Playing mandolin was Dave Grisman, an old sidekick from Garcia's Menlo Park days; guitarist Peter Rowan, who'd previously played with Bill Monroe; and all-around bassist John Kahn, plunking away on a vintage acoustic upright. The four picked and sang close harmony through more than a dozen fast-paced numbers, including Bill Monroe's "The Old Crossroads," "White House Blues," and "Panama Red," a Rowan tune.
"God, it's been eight years since I've played banjo," Garcia recalled later. "Playing music isn't hard or anything, but playing bluegrass is kind of a sweat, though. I'd forgot how physical it is. But it sure is fun."
Garcia, Grisman, and Rowan live within a few blocks of one another in Marin County. "We all used to be heavily into bluegrass, so we got together a little over a month ago, started playing and then decided, Shit, why don't we play a few bars and see what happens? And John Kahn is working out beautifully on bass, because a lot of bluegrass is really stiff, and with his R&B background he gives us a great boogie-woogie bottom. We're developing a rhythmic feel that's kind of groovy.
"We're thinking about finding a fiddle player and then doing some of the bluegrass festivals this summer. It's a whole different world from the rock & roll scene - really mellow and nice.
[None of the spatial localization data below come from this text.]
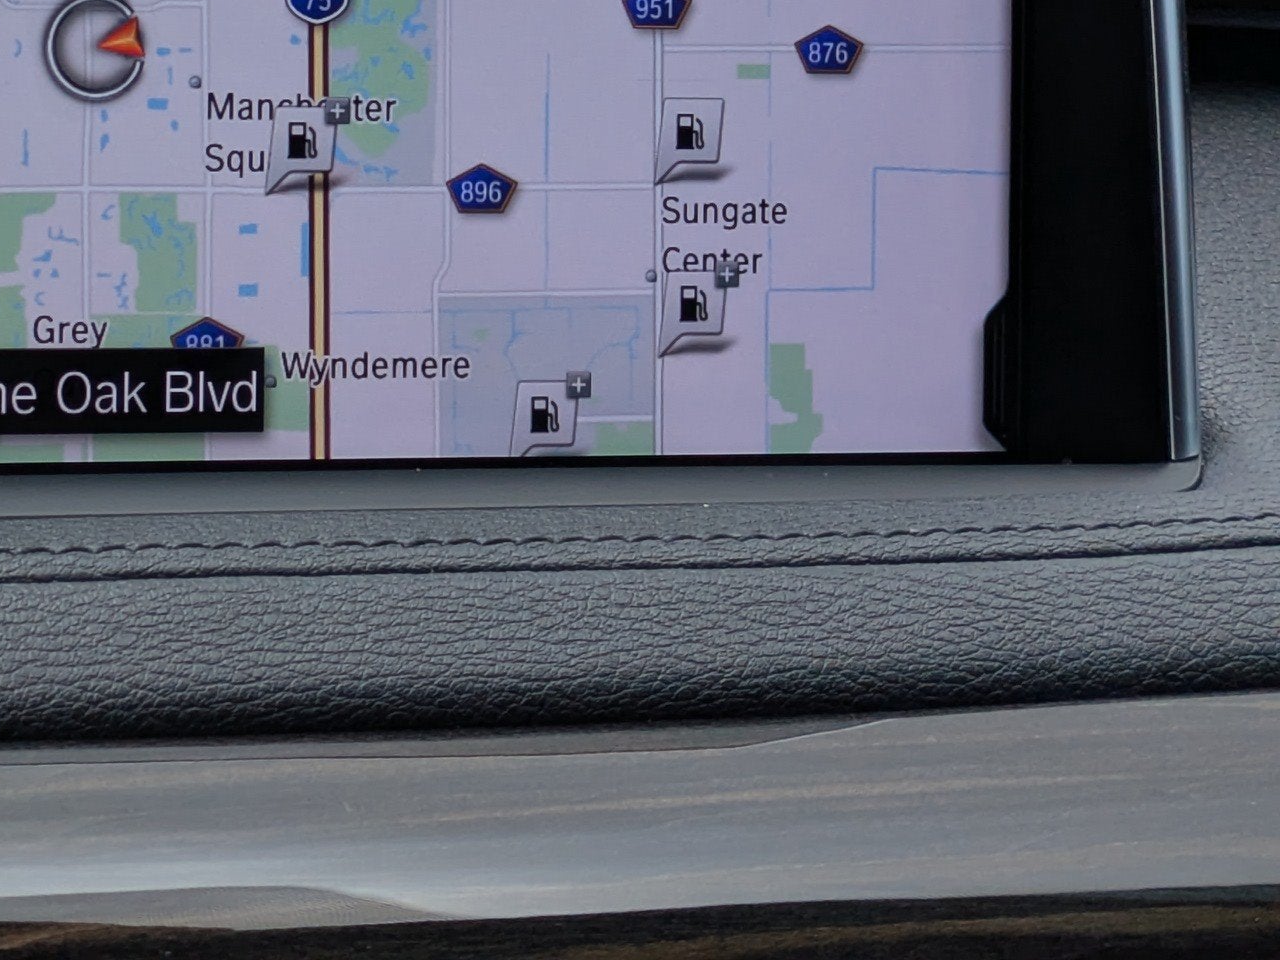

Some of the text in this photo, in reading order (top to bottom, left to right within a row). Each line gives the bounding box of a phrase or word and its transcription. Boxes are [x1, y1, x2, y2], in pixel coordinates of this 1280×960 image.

[808, 43, 849, 65] 876
[207, 92, 397, 122] Manter
[460, 182, 502, 204] 896
[662, 196, 788, 230] Sungate
[662, 246, 763, 275] Center
[33, 315, 108, 350] Grey
[282, 351, 471, 386] Wyndemere
[56, 371, 148, 415] Oak
[166, 369, 258, 414] Blvd
People bring their families and kids and grandmas and dogs and lunch. And they're all aficionados who really get off behind the licks. That'd be a lot of fun."
Finding the time for the summer festivals may be a problem, however, in view of the new immense popularity of the Dead. During its Midwestern tour the group played major halls (seventy-five hundred seats and up), selling out most concerts (including Chicago for the first time) and coming surprisingly close to it in Salt Lake City.
The Dead may sell out handily in any of a score of cities but nowhere else quite like in New York. A few years back the group played six nights in Port Chester, New York, selling out all six performances within a day. One night a bomb threat was received, presumably from irate Dead fans without tickets. Three thousand filed out while police searched the hall, and six thousand filed back in after the all-clear. That same year, the Dead headlined Fillmore East for five nights, all the tickets for which were likewise snapped up within hours.
The Dead's two concerts last week at the Nassau Coliseum on Long Island were sold out by word of mouth within two and a half hours after going on sale at Ticketron outlets. At one point six thousand tickets were sold within thirty-one minutes. Bill Graham then took out an ad in the Village Voice to announce the sellout and the addition of a third concert, bringing the total Dead audience to sixty thousand for the three dates.
Jerry Garcia laughed at the sellout news: "I don't know what to think about it. Basically, I try to keep my attention focused on whether I can play or not. It's like more unrealness, more Grateful Dead fever."